The History of Genesee Green
By the end of the 1980's at the University of Michigan, Dr. William Stapp and one of his assistants, Mark Mitchell, had developed a program called Global Rivers Environmental Educational Network or GREEN for short. The vision of the program was to teach students the protocols of water quality monitoring, have the students monitor a stream, and share their data across the internet with other students doing the same thing at distant locations. It was believed that those learned skills would help maintain and improve the water quality worldwide.
Project Green is based on nine protocols selected by the National Sanitary Foundation. Those nine tests would result in a numerical water quality index (WQI) that could be used to compare water quality from river to river and year to year.
In 1990, the Flint Community Schools were offered an opportunity to participate in Project Green through a grant from General Motors. Five Flint teachers volunteered. By 1994 it was realized that General Motors was more than just Flint so suburban schools were invited to join the program.
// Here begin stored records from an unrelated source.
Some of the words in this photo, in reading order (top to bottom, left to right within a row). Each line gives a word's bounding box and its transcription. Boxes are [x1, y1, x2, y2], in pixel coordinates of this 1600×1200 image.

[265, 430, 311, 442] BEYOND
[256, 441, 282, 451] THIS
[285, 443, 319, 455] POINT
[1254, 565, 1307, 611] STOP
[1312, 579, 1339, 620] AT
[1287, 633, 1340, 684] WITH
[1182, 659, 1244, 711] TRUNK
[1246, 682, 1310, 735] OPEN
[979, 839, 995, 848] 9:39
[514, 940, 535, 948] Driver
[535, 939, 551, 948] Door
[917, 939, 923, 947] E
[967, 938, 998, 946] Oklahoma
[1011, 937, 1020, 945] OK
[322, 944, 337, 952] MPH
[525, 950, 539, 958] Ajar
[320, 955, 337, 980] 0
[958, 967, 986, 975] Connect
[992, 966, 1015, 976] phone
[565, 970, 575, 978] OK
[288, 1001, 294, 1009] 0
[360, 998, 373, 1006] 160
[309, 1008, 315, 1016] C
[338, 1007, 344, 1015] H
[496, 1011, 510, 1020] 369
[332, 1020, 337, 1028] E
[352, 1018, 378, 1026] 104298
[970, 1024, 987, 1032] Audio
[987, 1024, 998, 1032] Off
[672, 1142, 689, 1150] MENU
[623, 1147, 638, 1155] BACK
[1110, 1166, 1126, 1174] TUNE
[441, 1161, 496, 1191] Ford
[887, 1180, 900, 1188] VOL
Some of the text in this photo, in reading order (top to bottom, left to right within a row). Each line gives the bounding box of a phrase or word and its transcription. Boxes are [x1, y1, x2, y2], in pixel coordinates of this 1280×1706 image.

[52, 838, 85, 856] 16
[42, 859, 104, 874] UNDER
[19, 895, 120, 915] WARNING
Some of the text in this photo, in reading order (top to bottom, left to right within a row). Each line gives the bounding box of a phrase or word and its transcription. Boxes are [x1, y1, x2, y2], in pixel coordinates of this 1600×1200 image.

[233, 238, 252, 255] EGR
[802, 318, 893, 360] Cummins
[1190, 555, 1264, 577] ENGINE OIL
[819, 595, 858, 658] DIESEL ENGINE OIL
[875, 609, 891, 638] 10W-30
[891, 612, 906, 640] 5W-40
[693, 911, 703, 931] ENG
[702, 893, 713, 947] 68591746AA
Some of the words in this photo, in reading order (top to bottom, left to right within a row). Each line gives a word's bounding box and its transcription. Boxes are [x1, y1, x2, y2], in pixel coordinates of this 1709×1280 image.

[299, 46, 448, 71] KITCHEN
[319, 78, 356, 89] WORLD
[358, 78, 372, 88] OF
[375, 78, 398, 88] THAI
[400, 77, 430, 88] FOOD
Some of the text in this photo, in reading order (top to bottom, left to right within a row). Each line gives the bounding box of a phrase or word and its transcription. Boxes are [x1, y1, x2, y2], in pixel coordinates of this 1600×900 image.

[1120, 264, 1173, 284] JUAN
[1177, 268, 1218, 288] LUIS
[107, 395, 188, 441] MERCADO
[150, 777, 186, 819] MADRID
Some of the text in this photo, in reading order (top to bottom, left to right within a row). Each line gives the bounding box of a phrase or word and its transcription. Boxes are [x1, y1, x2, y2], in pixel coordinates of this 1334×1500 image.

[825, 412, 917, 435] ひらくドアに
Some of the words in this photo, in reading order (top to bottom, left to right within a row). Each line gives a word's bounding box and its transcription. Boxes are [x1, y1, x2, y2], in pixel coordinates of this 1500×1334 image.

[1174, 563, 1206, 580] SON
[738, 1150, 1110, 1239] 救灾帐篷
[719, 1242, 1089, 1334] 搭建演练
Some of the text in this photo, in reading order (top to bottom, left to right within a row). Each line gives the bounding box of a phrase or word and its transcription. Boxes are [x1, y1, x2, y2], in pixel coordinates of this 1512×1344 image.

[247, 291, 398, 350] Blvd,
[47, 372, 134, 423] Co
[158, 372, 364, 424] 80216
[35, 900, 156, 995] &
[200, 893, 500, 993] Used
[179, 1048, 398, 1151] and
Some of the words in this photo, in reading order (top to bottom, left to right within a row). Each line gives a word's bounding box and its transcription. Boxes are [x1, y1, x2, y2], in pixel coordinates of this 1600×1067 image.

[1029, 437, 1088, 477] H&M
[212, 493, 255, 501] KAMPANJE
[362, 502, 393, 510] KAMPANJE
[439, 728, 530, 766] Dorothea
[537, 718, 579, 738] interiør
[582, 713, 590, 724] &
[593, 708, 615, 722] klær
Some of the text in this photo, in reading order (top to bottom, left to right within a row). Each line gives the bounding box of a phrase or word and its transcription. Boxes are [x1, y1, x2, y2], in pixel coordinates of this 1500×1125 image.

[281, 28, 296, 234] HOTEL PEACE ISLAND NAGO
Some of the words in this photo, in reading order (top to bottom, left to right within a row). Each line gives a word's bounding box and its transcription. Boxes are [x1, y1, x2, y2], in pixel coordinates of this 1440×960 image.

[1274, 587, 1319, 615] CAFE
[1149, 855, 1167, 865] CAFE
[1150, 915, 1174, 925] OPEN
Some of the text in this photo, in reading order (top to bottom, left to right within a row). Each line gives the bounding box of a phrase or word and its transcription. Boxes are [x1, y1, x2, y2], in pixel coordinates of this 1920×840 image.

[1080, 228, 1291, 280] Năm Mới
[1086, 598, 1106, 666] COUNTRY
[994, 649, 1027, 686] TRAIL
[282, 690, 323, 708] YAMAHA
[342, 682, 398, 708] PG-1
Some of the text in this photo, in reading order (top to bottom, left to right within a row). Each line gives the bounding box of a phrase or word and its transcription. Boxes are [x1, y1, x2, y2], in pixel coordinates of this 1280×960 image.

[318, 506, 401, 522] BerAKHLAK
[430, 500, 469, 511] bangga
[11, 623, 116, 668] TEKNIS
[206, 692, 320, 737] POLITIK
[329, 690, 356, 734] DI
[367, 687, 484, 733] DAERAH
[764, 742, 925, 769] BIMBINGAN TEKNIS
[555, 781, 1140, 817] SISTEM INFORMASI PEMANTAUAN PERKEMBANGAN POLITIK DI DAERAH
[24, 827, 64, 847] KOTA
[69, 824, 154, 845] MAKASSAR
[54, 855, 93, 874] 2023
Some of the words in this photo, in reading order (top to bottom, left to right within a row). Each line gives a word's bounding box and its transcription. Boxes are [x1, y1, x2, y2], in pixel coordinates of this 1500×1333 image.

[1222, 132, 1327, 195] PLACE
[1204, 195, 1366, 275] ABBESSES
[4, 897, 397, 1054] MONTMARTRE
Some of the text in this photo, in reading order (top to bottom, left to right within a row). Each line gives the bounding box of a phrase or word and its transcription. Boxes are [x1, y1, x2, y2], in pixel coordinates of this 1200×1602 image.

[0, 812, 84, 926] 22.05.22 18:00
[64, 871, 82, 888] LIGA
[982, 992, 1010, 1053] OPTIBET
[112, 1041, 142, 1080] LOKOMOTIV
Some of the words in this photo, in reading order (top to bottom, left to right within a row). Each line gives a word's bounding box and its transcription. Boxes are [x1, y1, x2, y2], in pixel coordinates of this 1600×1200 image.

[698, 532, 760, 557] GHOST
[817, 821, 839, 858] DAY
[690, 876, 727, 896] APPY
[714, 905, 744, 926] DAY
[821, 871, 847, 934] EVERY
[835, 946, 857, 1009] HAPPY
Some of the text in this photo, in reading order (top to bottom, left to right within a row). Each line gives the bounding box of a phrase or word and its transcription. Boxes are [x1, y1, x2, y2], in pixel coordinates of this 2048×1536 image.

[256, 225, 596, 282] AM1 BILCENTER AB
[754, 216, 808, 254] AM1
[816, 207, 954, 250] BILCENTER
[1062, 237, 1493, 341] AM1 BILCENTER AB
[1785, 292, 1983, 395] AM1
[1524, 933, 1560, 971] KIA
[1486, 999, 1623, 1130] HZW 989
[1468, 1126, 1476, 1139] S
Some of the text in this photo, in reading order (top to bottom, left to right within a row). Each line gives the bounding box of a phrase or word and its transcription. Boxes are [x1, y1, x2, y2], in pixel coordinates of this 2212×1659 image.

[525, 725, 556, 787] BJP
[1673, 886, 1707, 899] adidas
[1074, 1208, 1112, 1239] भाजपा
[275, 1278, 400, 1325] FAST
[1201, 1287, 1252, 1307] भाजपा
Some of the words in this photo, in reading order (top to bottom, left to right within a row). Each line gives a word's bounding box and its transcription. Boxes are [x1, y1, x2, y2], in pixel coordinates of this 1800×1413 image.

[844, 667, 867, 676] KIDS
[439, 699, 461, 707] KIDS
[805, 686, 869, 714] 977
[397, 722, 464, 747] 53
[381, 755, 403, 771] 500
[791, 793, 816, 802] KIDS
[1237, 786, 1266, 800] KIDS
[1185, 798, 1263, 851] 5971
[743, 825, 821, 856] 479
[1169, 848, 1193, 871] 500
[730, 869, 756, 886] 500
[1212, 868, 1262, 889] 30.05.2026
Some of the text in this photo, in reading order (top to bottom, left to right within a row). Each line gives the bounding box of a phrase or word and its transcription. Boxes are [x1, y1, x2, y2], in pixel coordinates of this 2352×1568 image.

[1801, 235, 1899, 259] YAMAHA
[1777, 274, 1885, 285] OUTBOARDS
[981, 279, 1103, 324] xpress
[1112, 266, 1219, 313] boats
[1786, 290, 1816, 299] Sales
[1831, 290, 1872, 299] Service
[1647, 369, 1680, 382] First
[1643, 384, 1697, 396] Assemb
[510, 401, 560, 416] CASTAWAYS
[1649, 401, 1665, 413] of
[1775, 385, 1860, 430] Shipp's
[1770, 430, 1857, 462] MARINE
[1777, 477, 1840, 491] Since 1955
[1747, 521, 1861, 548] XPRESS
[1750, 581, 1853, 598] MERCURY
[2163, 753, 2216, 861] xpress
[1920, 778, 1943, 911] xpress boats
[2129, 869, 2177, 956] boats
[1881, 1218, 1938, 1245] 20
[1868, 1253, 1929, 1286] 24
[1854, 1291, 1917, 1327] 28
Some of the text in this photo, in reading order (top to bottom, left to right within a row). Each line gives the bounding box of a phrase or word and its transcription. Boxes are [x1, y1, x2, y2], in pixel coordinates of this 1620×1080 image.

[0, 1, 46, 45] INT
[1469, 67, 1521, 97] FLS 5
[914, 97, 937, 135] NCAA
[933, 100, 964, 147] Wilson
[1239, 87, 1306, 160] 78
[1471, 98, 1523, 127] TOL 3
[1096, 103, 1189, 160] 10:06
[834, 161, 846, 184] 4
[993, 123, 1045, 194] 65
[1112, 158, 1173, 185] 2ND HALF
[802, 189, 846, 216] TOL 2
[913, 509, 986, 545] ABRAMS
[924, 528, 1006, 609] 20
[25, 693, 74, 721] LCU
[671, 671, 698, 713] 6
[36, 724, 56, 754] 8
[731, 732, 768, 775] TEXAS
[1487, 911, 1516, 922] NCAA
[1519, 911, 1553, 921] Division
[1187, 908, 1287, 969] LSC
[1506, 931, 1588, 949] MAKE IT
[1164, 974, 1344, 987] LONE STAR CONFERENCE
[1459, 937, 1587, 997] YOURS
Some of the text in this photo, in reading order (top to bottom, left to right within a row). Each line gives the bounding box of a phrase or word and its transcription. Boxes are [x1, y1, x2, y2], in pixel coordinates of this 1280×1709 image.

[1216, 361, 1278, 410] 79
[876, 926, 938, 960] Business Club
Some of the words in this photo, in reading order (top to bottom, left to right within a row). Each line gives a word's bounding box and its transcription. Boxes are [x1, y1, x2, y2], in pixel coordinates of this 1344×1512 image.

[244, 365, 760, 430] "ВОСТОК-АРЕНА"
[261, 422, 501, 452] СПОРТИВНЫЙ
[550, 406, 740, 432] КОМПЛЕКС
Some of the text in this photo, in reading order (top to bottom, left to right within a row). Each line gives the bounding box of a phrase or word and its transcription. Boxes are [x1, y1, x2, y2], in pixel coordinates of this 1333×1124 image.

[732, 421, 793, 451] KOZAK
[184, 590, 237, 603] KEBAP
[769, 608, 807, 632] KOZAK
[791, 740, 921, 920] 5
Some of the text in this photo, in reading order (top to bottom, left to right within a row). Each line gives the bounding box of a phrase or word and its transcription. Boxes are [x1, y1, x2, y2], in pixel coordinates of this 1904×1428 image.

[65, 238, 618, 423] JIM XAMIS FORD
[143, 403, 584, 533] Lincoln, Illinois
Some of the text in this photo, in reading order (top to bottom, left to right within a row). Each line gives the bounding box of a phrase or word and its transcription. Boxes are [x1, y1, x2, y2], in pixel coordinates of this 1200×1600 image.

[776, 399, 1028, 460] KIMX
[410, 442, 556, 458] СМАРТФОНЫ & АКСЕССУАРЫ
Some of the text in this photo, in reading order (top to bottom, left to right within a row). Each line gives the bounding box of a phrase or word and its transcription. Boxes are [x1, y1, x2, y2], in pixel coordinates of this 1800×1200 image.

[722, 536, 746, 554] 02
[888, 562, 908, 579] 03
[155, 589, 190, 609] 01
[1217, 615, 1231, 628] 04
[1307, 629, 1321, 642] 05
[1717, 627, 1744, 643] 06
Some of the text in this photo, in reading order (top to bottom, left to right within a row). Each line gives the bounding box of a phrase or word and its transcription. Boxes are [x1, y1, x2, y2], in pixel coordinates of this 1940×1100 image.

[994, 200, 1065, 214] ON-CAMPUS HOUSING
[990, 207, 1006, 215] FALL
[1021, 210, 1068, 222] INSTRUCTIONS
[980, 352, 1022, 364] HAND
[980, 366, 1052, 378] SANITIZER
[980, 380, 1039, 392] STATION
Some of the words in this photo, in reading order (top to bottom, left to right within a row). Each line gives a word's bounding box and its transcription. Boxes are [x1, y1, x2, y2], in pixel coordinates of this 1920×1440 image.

Today any instructor in Genesee County teaching a science class 8-12 can participate if supplies are available.
Project Green, now referred to as Genesee GREEN, has grown in Genesee County from approximately 100 students in 1990 to an excess of 1200 in 2004. The ideal is that all of the students converge on specific sampling sites along the Flint River Watershed on the same day to conduct a WQI analysis. The data gives a snapshot of that moment in time. As each year is added, comparisons can be made about the quality of the water running through the watershed environment based on time.
At this time, the Flint River Watershed Coalition is the fiduciary agent for Genesee GREEN with grant sponsors through out the county.